10. Tie: Lil’ Wayne, Da Drought 3 (self-released); Radiohead, In Rainbows (self-released)

Ties are cop-outs only when they fail to tie together. Aside from junior statures and jacked-up grills, Lil’ Wayne and Thom Yorke revealed that they have at least one more thing in common: Both raised the question of what quality music in 2007 is really worth. Wayne’s cursive, Web-streamed slurs confirmed the Cash Money grad as the Greatest Rapper Alive, while Yorke mocked the RIAA by letting downloaders pay whatever they wanted for his serene, sublime In Rainbows, effectively reverting 20 years of padded price structure by dropping a tip into the hat of the World’s Finest Rock Band.

9. The Tough Alliance, A New Chance (Sincerely Yours)

Back in October this spot was occupied by fellow Swede and lite-pop sideswiper Jens Lekman. But then the Tough Alliance’s undeniable mix of pre-nightfall Knife and post-adolescence Architecture in Helsinki came along and picked Lekman’s already-bare pockets. He’s probably writing a sad song about it right now.

8. Spoon, Ga Ga Ga Ga Ga (Merge)

Gaga times two-and-a-half? My sentiments exactly.

7. Klaxons, Myths of the Near Future (Geffen)

Nowhere does the oceanic gulf between America and England seem as vast as on a British rag’s best-of list, where retreads like Arctic Monkeys are annually assured — by mandate of Her Majesty! — of finishing no lower than fourth. NME’s and The Guardian’s affection for exhilarating dance-rockers Klaxons, whose firestorm of a debut inexplicably made nary a peep stateside, almost makes up for the slobber afforded Kings of Leon’s latest. I said almost.

6. M.I.A., Kala (Beggars Banquet)

Besides being the hottest woman on the planet, Maya Arulpragasam makes part-battle-cry/part-dance-anthem calls to action for a generation characterized both by creative activity and political inertia: We say we want a revolution, but we can’t seem to get off the couch.

5. Arcade Fire, Neon Bible (Merge)

A bombastic, grandstanding funeral for the sophomore slump.

4. Of Montreal, Hissing Fauna, Are You the Destroyer? (Polyvinyl)

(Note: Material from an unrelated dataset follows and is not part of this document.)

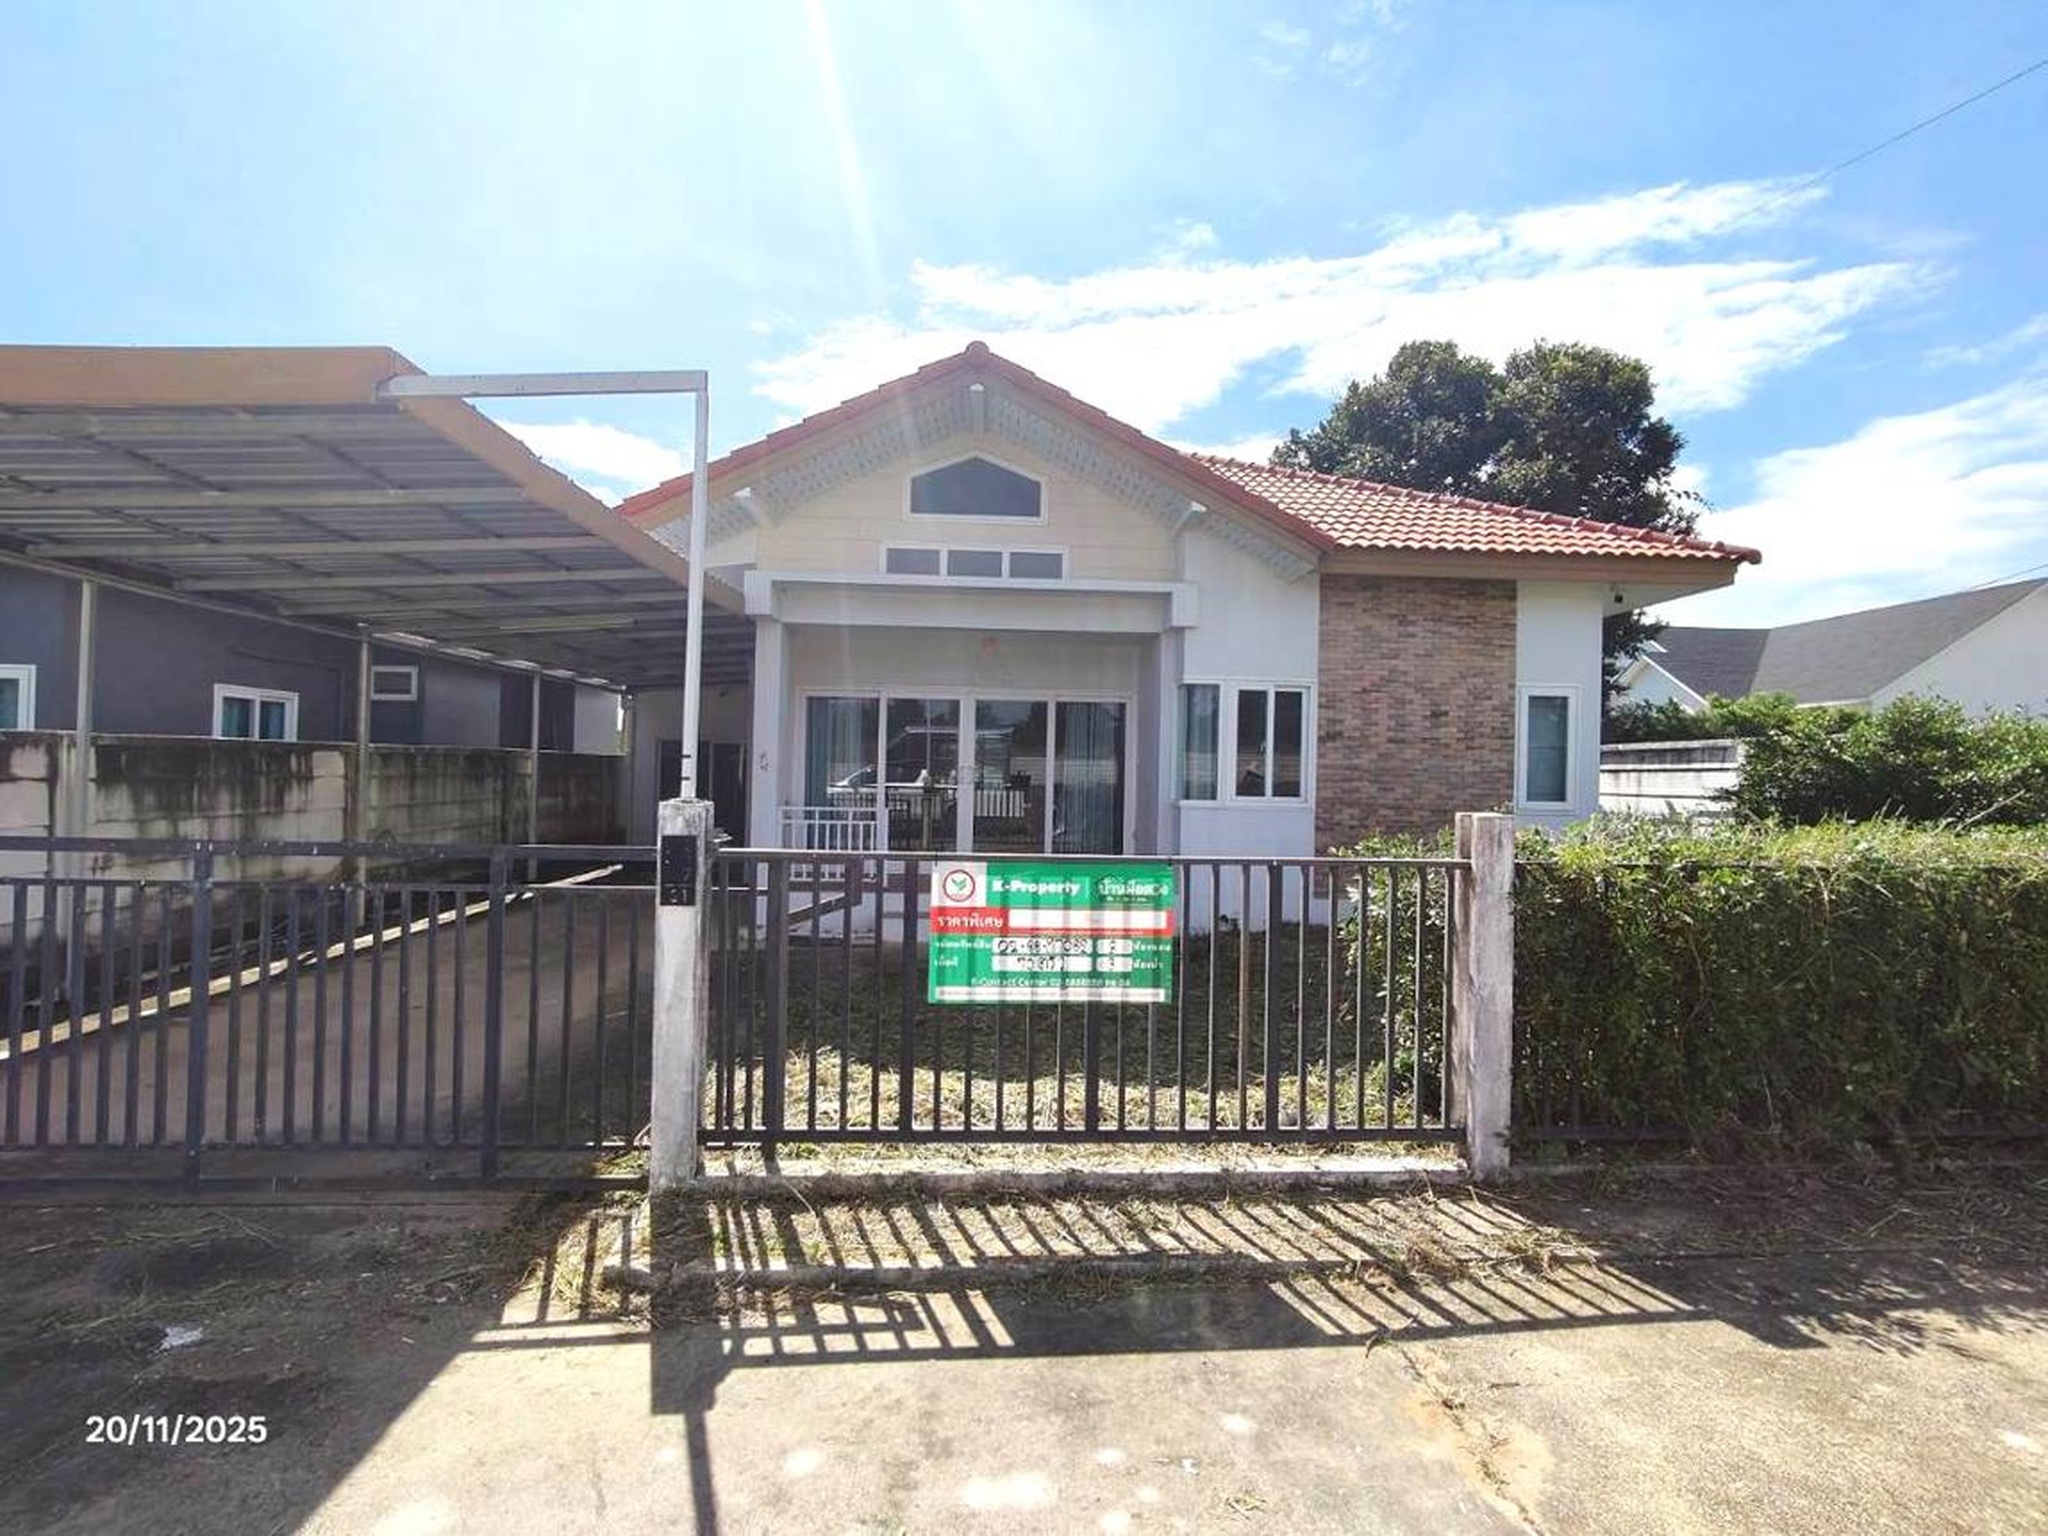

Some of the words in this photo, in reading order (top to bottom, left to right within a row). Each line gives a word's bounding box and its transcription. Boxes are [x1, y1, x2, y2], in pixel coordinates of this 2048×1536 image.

I’ve stalked Kevin Barnes so much this year, sooner or later he’ll be paying a girl to hit me. From the Oct. 30 Gambit: “A graduate-level creative writing course could be comprised solely from Of Montreal’s serpentine track titles. Some special selections from the Athens, Ga., band’s latest not-to-be-missed pop syllabus: “Heimdalsgate Like a Promethean Curse,” a hyperactive sonnet on singer/songwriter Kevin Barnes’ chemical imbalance; “A Sentence of Sorts in Kongsvinger,” a summery recounting of a wintertime Scandinavia breakdown; and “We Were Born the Mutants Again With Leafling,” the irrepressible record’s striking, melancholy-stippled closer. Elsewhere, there’s “The Past Is a Grotesque Animal,” a decidedly more direct statement. The 12-minute vent is a spoken-word piece in which Barnes spews out every last stream of vile consciousness about an embittered relationship, all while trudging on a beat-powered treadmill ratcheting up the tension with each new dirty-laundry verse. It’s the musical equivalent of eavesdropping on a fireworks therapy session: unbearable if it wasn’t so explosively listenable.”

3. Electrelane, No Shouts No Calls (Too Pure)

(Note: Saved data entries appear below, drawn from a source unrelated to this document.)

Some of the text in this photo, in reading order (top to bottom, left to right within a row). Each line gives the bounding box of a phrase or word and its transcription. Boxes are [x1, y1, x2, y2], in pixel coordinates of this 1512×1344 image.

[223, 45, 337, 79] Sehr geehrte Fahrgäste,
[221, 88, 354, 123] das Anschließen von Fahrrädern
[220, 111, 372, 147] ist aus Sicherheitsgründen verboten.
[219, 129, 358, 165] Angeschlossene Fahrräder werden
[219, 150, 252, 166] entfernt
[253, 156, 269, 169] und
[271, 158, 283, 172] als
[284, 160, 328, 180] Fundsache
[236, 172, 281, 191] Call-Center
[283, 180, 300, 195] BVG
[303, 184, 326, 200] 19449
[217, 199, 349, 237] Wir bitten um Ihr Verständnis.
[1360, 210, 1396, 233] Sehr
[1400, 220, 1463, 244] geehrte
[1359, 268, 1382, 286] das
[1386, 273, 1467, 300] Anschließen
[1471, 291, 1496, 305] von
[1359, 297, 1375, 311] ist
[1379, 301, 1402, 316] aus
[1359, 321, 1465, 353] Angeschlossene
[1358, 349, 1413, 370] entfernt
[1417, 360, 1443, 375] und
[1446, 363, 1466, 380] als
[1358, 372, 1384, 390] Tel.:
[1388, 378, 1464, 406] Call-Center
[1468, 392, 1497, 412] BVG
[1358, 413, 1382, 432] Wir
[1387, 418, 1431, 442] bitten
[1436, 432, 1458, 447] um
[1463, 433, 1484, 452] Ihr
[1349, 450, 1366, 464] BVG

As the only band on this list who no longer are together, Electrelane ought to be bumped to No. 1. The tracks on this swan song — particularly the driving, bittersweet and drop-dead gorgeous side A — make their own argument.

2. Rock Plaza Central, Are We Not Horses (Outside Music)

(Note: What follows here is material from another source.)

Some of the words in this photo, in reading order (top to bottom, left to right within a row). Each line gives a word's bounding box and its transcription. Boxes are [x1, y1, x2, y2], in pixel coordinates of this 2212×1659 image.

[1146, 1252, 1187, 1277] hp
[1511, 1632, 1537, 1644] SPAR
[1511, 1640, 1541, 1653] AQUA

Who the hell are Rock Plaza Central, and how did they make almost the best record of 2007? The calculus goes something like this: forgotten ‘90s folkies Lullaby for the Working Class plus Neutral Milk Hotel minus Anne Frank plus post-apocalyptic steel horses. Oh, and they’re from Toronto.

1. The National, Boxer (Beggars Banquet)

Yeah, a strong case could be made for Arcade Fire, among others. But the National are my pick for the best new band of the nascent new millennium. The Brooklyn outfit’s 2005 debut Alligator was a stirring, soulful murmur, rain-slicked and barely lit by a thousand incandescent moments of seemingly accidental genius. Boxer has more, and is better.